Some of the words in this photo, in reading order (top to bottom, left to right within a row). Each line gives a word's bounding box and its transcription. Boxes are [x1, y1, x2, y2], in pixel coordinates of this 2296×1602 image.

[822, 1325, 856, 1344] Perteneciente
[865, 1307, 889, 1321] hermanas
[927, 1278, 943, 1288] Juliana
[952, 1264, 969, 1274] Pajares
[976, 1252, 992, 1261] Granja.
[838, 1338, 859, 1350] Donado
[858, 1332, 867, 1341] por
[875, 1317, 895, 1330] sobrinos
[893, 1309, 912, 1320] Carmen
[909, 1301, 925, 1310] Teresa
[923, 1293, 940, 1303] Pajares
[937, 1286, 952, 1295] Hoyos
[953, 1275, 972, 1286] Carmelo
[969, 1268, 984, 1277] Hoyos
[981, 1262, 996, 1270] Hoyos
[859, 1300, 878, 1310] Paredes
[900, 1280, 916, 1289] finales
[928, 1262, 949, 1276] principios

▶ **Prompt**: All of the entries need to be given again, word for word.

▶ **Output of the task**:
Some of the words in this photo, in reading order (top to bottom, left to right within a row). Each line gives a word's bounding box and its transcription. Boxes are [x1, y1, x2, y2], in pixel coordinates of this 2296×1602 image.

[822, 1325, 856, 1344] Perteneciente
[865, 1307, 889, 1321] hermanas
[927, 1278, 943, 1288] Juliana
[952, 1264, 969, 1274] Pajares
[976, 1252, 992, 1261] Granja.
[838, 1338, 859, 1350] Donado
[858, 1332, 867, 1341] por
[875, 1317, 895, 1330] sobrinos
[893, 1309, 912, 1320] Carmen
[909, 1301, 925, 1310] Teresa
[923, 1293, 940, 1303] Pajares
[937, 1286, 952, 1295] Hoyos
[953, 1275, 972, 1286] Carmelo
[969, 1268, 984, 1277] Hoyos
[981, 1262, 996, 1270] Hoyos
[859, 1300, 878, 1310] Paredes
[900, 1280, 916, 1289] finales
[928, 1262, 949, 1276] principios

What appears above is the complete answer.